▶ _How to complete this task_: Give the entries again, exactly as they stand.

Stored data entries
════════════════════
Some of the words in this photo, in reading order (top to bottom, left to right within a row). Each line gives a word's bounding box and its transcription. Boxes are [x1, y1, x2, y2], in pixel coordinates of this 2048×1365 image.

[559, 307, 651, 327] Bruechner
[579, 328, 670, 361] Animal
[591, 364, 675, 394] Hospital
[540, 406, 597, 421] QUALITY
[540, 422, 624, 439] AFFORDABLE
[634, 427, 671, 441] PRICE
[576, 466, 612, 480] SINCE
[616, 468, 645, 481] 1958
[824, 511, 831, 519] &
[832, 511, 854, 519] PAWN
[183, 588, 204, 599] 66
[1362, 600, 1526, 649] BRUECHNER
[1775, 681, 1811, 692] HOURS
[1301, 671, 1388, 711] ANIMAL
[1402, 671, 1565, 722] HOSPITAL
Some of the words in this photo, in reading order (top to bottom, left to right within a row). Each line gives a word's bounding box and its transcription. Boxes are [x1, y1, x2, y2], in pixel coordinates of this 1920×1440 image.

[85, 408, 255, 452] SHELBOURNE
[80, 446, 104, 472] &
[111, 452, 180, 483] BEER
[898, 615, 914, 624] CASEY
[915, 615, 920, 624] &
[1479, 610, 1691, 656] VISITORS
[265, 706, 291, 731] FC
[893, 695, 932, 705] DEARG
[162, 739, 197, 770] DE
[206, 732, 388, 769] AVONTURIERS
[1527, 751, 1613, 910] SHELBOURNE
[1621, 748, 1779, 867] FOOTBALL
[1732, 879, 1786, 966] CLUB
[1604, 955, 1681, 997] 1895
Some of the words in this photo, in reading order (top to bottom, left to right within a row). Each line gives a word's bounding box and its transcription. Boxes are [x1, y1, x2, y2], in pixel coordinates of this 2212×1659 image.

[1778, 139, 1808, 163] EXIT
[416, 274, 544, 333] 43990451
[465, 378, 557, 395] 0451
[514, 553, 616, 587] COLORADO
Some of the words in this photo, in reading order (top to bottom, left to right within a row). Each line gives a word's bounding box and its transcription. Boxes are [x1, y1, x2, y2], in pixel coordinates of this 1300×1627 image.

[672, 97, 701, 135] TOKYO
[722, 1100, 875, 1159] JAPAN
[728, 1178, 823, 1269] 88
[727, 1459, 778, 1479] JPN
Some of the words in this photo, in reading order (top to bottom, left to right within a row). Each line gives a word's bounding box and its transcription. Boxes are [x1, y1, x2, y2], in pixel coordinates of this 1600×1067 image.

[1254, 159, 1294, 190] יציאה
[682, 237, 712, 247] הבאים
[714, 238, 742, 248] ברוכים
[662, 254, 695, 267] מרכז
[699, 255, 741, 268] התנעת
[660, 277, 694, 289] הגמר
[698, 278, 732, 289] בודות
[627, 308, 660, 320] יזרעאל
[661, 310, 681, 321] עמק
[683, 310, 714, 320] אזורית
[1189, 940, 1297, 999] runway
════════════════════
▶ _Answer to this task_:
Some of the words in this photo, in reading order (top to bottom, left to right within a row). Each line gives a word's bounding box and its transcription. Boxes are [x1, y1, x2, y2], in pixel coordinates of this 2048×1365 image.

[559, 307, 651, 327] Bruechner
[579, 328, 670, 361] Animal
[591, 364, 675, 394] Hospital
[540, 406, 597, 421] QUALITY
[540, 422, 624, 439] AFFORDABLE
[634, 427, 671, 441] PRICE
[576, 466, 612, 480] SINCE
[616, 468, 645, 481] 1958
[824, 511, 831, 519] &
[832, 511, 854, 519] PAWN
[183, 588, 204, 599] 66
[1362, 600, 1526, 649] BRUECHNER
[1775, 681, 1811, 692] HOURS
[1301, 671, 1388, 711] ANIMAL
[1402, 671, 1565, 722] HOSPITAL
Some of the words in this photo, in reading order (top to bottom, left to right within a row). Each line gives a word's bounding box and its transcription. Boxes are [x1, y1, x2, y2], in pixel coordinates of this 1920×1440 image.

[85, 408, 255, 452] SHELBOURNE
[80, 446, 104, 472] &
[111, 452, 180, 483] BEER
[898, 615, 914, 624] CASEY
[915, 615, 920, 624] &
[1479, 610, 1691, 656] VISITORS
[265, 706, 291, 731] FC
[893, 695, 932, 705] DEARG
[162, 739, 197, 770] DE
[206, 732, 388, 769] AVONTURIERS
[1527, 751, 1613, 910] SHELBOURNE
[1621, 748, 1779, 867] FOOTBALL
[1732, 879, 1786, 966] CLUB
[1604, 955, 1681, 997] 1895
Some of the words in this photo, in reading order (top to bottom, left to right within a row). Each line gives a word's bounding box and its transcription. Boxes are [x1, y1, x2, y2], in pixel coordinates of this 2212×1659 image.

[1778, 139, 1808, 163] EXIT
[416, 274, 544, 333] 43990451
[465, 378, 557, 395] 0451
[514, 553, 616, 587] COLORADO
Some of the words in this photo, in reading order (top to bottom, left to right within a row). Each line gives a word's bounding box and its transcription. Boxes are [x1, y1, x2, y2], in pixel coordinates of this 1300×1627 image.

[672, 97, 701, 135] TOKYO
[722, 1100, 875, 1159] JAPAN
[728, 1178, 823, 1269] 88
[727, 1459, 778, 1479] JPN
Some of the words in this photo, in reading order (top to bottom, left to right within a row). Each line gives a word's bounding box and its transcription. Boxes are [x1, y1, x2, y2], in pixel coordinates of this 1600×1067 image.

[1254, 159, 1294, 190] יציאה
[682, 237, 712, 247] הבאים
[714, 238, 742, 248] ברוכים
[662, 254, 695, 267] מרכז
[699, 255, 741, 268] התנעת
[660, 277, 694, 289] הגמר
[698, 278, 732, 289] בודות
[627, 308, 660, 320] יזרעאל
[661, 310, 681, 321] עמק
[683, 310, 714, 320] אזורית
[1189, 940, 1297, 999] runway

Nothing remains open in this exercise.